Wij vinden het echter wel verstandig het ratificeringsproces op zo’n manier te coördineren dat het proces – ongeacht welke vorm het in de afzonderlijke lidstaten zou moeten aannemen – zo wordt uitgevoerd dat het in alle landen gelijktijdig formeel kan worden afgesloten, zoals beschreven in paragraaf 20 van het verslag.

 
  
MPphoto
 
 

  Marie-Noëlle Lienemann (PSE), schriftelijk.(FR) Ik vind dat de meerderheid van het Europees Parlement geen poging heeft ondernomen om een antwoord te vinden op de boodschap van de volkeren in de Europese Unie die het Grondwettelijk Verdrag hebben afgewezen. Door amendement 1 te verwerpen heeft het Parlement de idee om de mensen via referenda over welk nieuw verdrag ook te raadplegen, van de hand gewezen. Toch is dat een essentiële factor, omdat het gaat om hun mogelijkheid om sociaal beleid of beleid dat aansluit bij hun aspiraties af te dwingen. Dat is een belangrijke tekortkoming van de Europese Unie. Daarom zal ik tegen dit verslag stemmen.

 
  
MPphoto
 
 

  Mairead McGuinness (PPE-DE), schriftelijk. (EN) Ik heb tegen paragraaf 20 (oorspronkelijke tekst) van het eerdergenoemde verslag gestemd om dat ik ervan overtuigd ben dat het voorstel om een ratificatieproces binnen alle EU-lidstaten gelijktijdig te laten verlopen niet haalbaar is.

 
  
MPphoto
 
 

  Athanasios Pafilis (GUE/NGL), schriftelijk. – (EL) Met het verslag wil men de Europese Grondwet uit de dood doen herrijzen. Het Europees Parlement toont een provocerende minachting voor het Franse en het Nederlandse volk, die de "Europese Grondwet" met een referendum hebben verworpen, evenals voor de andere volkeren, die van hun regeringen niet het recht hebben gekregen om hun stem te laten horen.

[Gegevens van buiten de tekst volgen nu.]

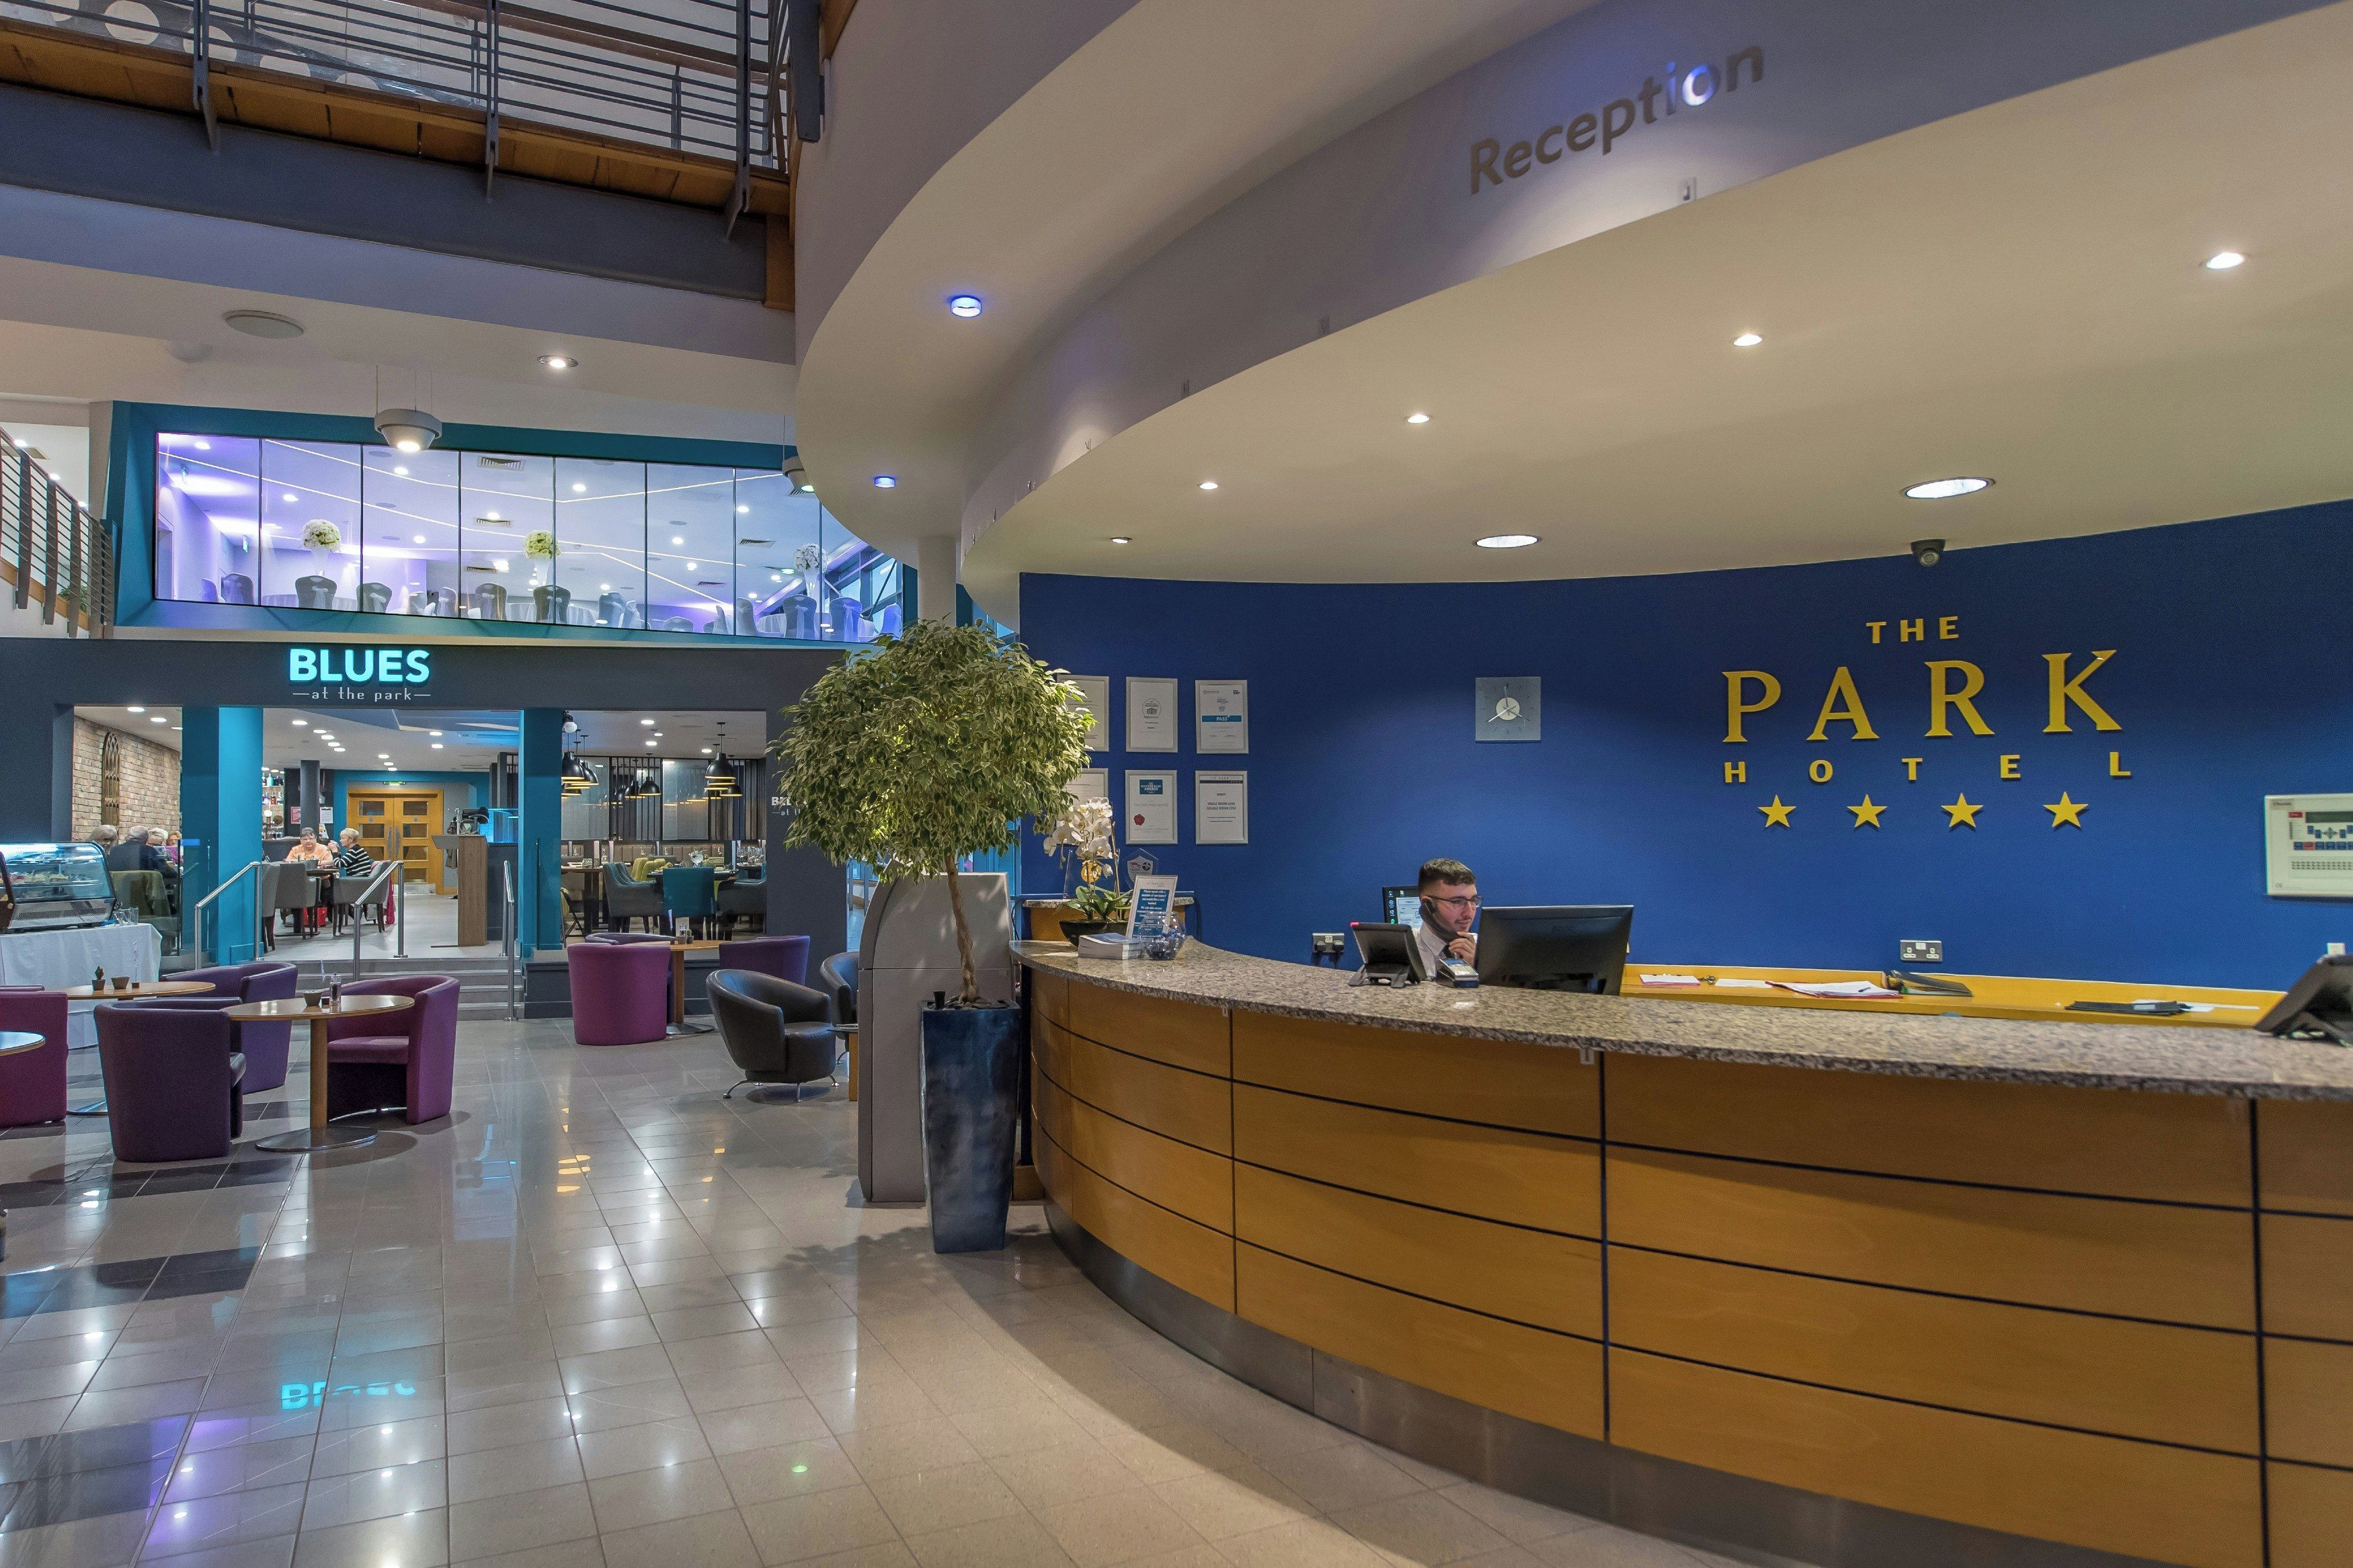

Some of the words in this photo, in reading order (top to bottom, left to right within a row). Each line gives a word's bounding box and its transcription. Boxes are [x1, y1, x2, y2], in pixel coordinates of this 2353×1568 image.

De nu alom bekende alliantie van de politieke spreekbuizen van het kapitaal (conservatieven, socialisten en liberalen) en de Fractie De Groenen roept de regeringen van de lidstaten op om voor eind 2007 tot overeenstemming te komen, de "Europese Grondwet" met dezelfde reactionaire inhoud – maar eventueel in een ander jasje gestoken – voor de Europese verkiezingen van 2009 van kracht te laten worden en aldus de volkeren te bedriegen.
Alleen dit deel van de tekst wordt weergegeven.